Saved data entries:

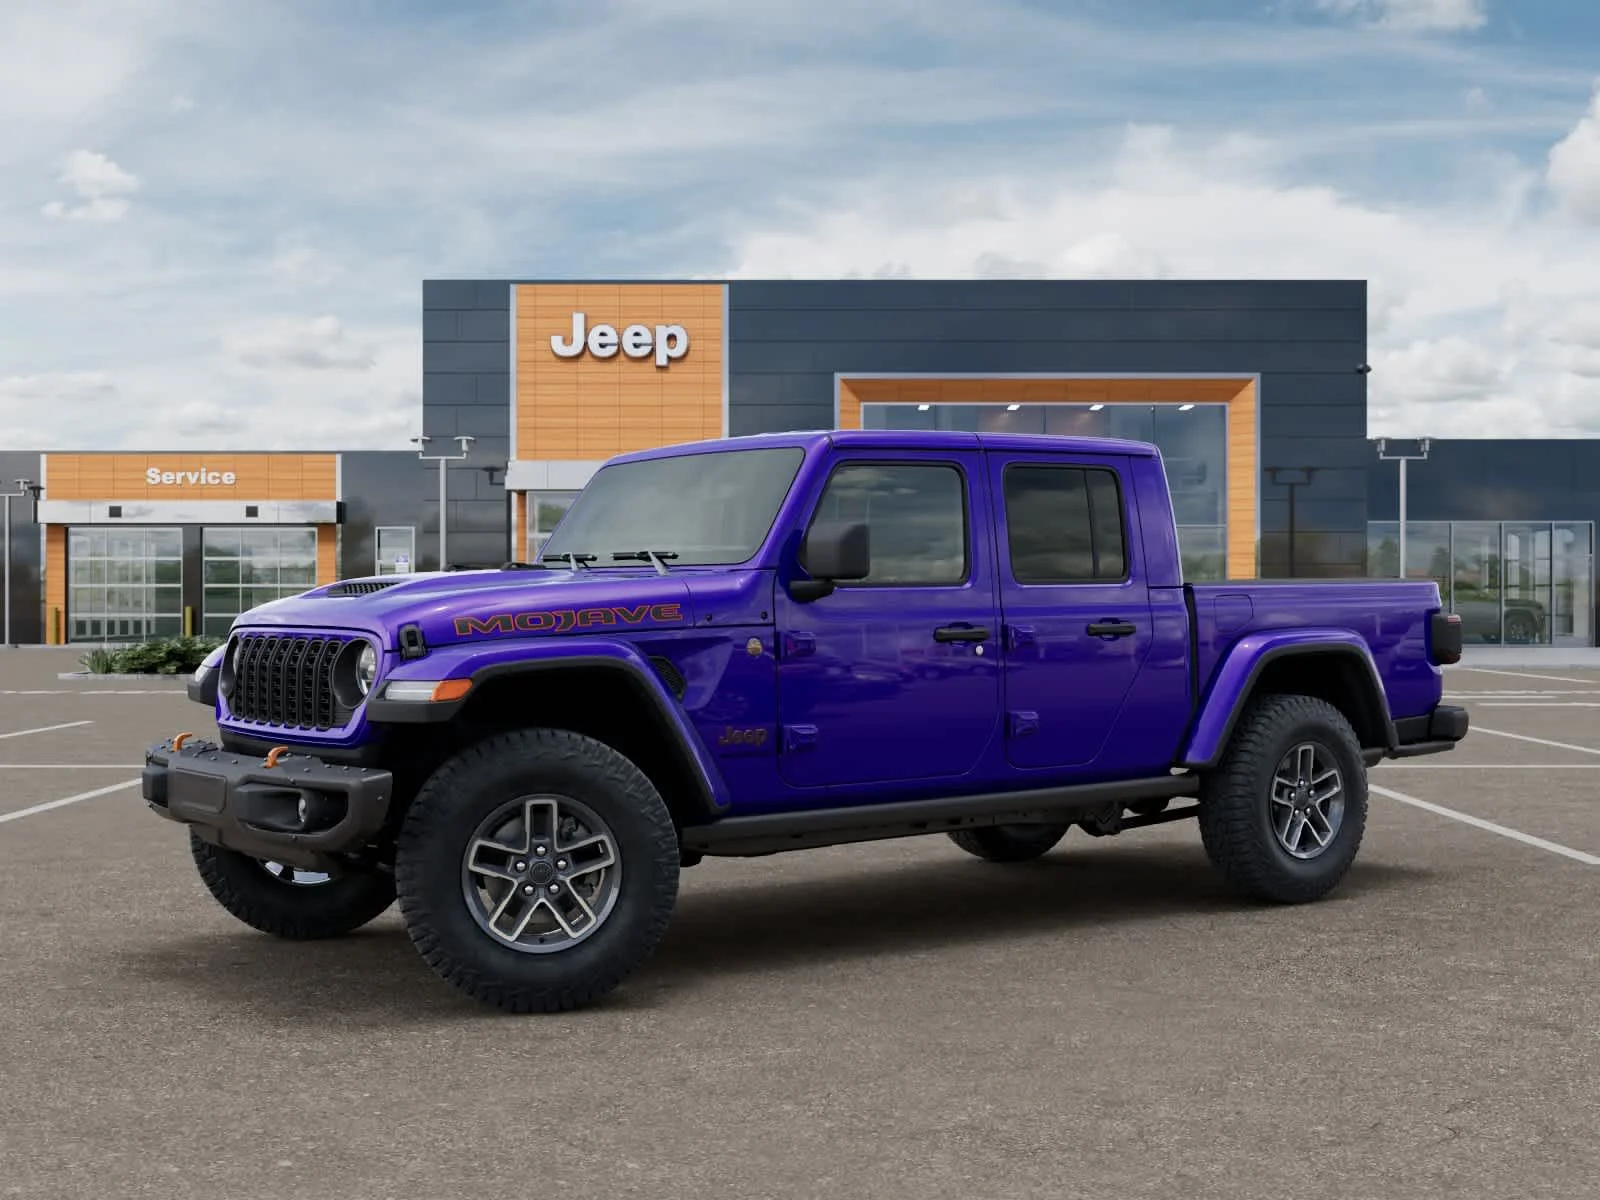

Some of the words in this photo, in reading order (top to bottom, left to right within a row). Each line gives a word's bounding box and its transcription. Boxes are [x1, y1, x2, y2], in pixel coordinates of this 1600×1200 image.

[550, 311, 689, 367] Jeep
[146, 466, 236, 486] Service
[454, 604, 682, 635] MOJAVE
[719, 725, 767, 747] Jeep
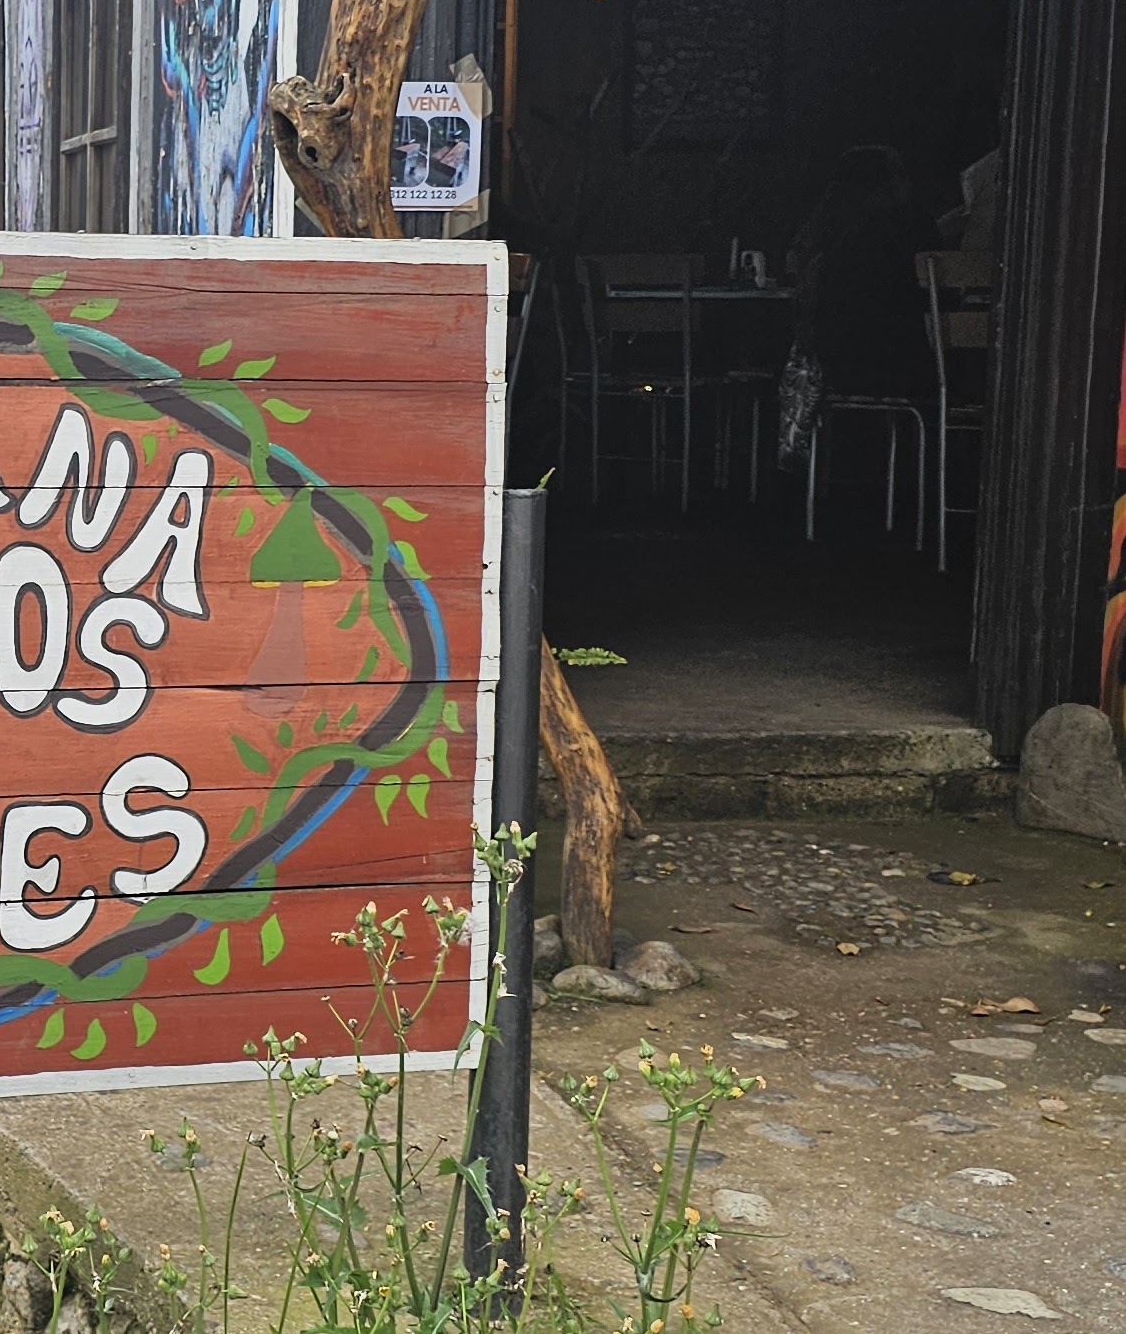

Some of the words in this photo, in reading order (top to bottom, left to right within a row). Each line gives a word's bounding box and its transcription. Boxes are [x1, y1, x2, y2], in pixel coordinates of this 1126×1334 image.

[424, 84, 432, 94] A
[434, 84, 448, 94] LA
[408, 97, 461, 112] VENTA
[410, 190, 427, 199] 122
[431, 190, 442, 199] 12
[445, 190, 457, 199] 28
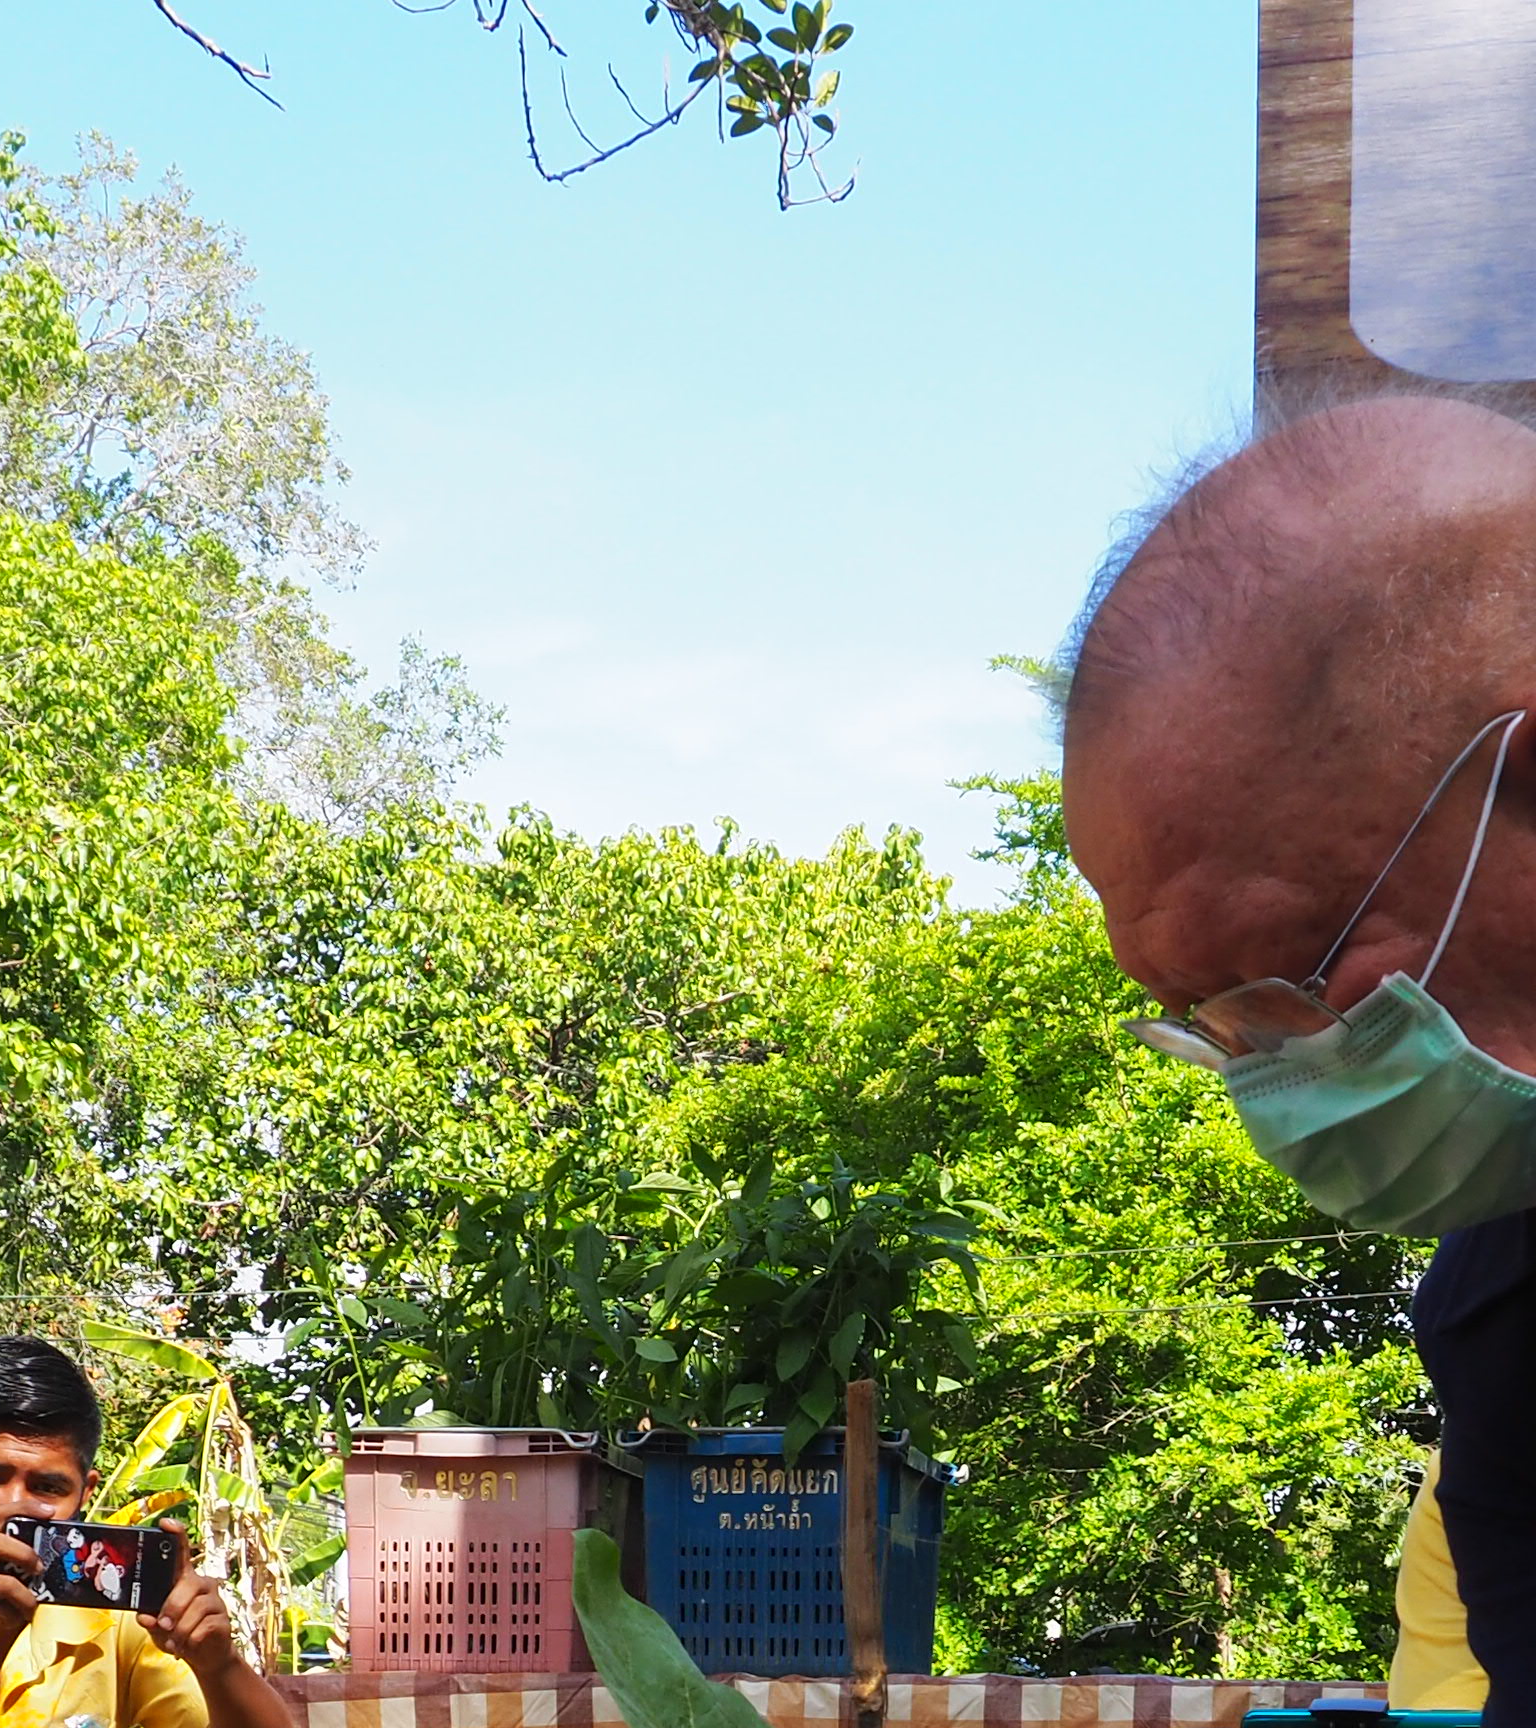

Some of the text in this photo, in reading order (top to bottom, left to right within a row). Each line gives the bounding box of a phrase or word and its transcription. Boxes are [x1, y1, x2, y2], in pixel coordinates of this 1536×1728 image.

[689, 1458, 839, 1504] ศูนย์คัดแยก
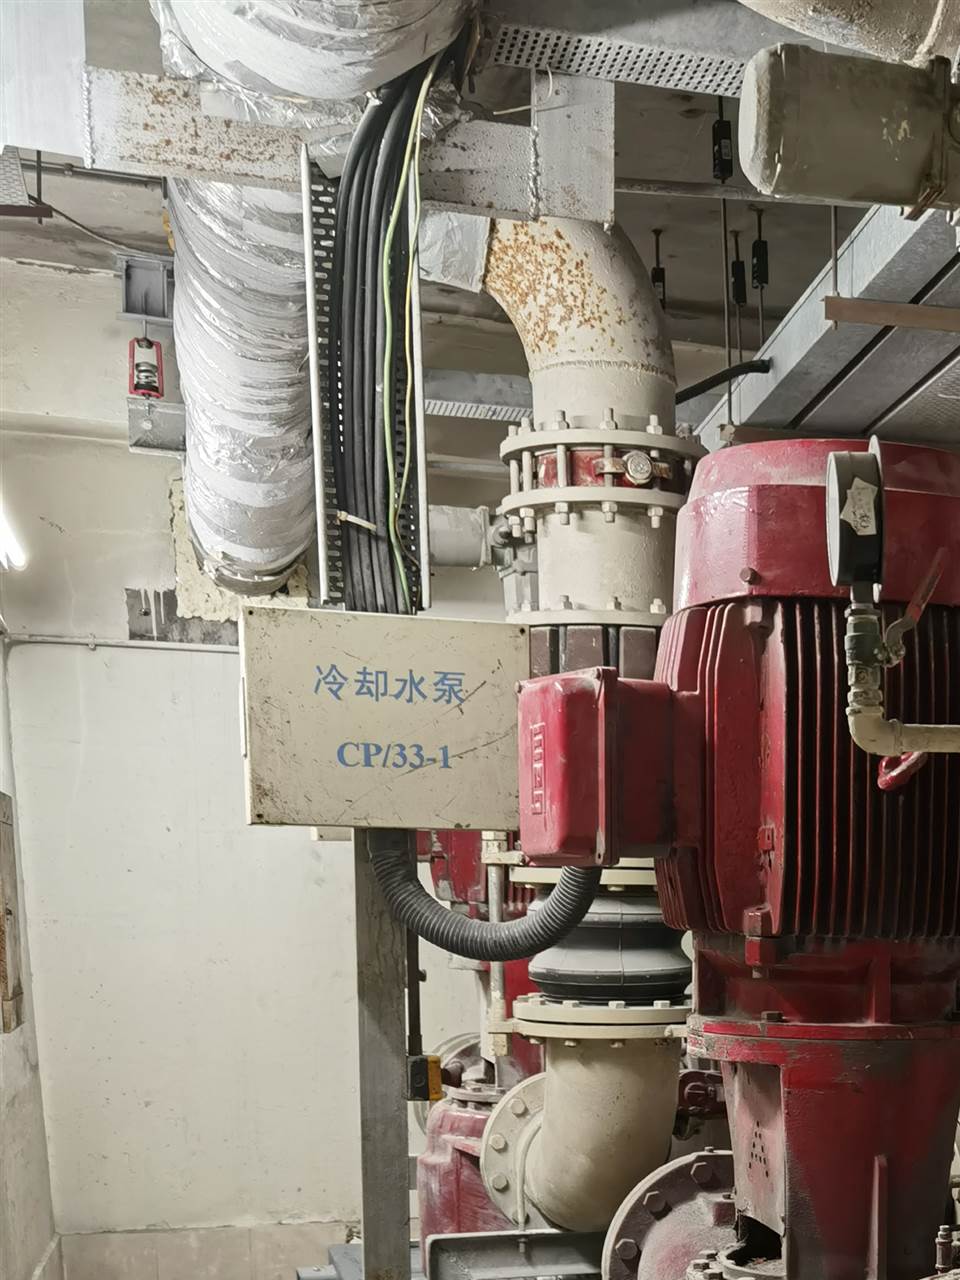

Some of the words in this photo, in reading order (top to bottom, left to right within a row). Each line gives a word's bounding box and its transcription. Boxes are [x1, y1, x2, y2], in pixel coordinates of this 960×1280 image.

[314, 664, 466, 704] 冷却水泵
[336, 742, 452, 770] CP/33-1

Task statement: Set each line of the records down again exactly as it reads. Omit the pictures.

Written solution:
Some of the words in this photo, in reading order (top to bottom, left to right within a row). Each line gives a word's bounding box and its transcription. Boxes are [x1, y1, x2, y2], in pixel coordinates of this 1600×1200 image.

[550, 311, 689, 367] Jeep
[146, 466, 236, 486] Service
[454, 604, 682, 635] MOJAVE
[719, 725, 767, 747] Jeep

Some of the words in this photo, in reading order (top to bottom, left to right within a row). Each line gives a word's bounding box and its transcription. Boxes are [x1, y1, x2, y2], in pixel coordinates of this 1126×1334 image.

[424, 84, 432, 94] A
[434, 84, 448, 94] LA
[408, 97, 461, 112] VENTA
[410, 190, 427, 199] 122
[431, 190, 442, 199] 12
[445, 190, 457, 199] 28

Some of the text in this photo, in reading order (top to bottom, left to right within a row). Each line gives the bounding box of a phrase or word and its transcription. Boxes are [x1, y1, x2, y2], in pixel coordinates of this 1536×1728 image.

[689, 1458, 839, 1504] ศูนย์คัดแยก

Some of the words in this photo, in reading order (top to bottom, left to right within a row). Each line gives a word's bounding box and its transcription. Boxes are [x1, y1, x2, y2], in pixel coordinates of this 960×1280 image.

[314, 664, 466, 704] 冷却水泵
[336, 742, 452, 770] CP/33-1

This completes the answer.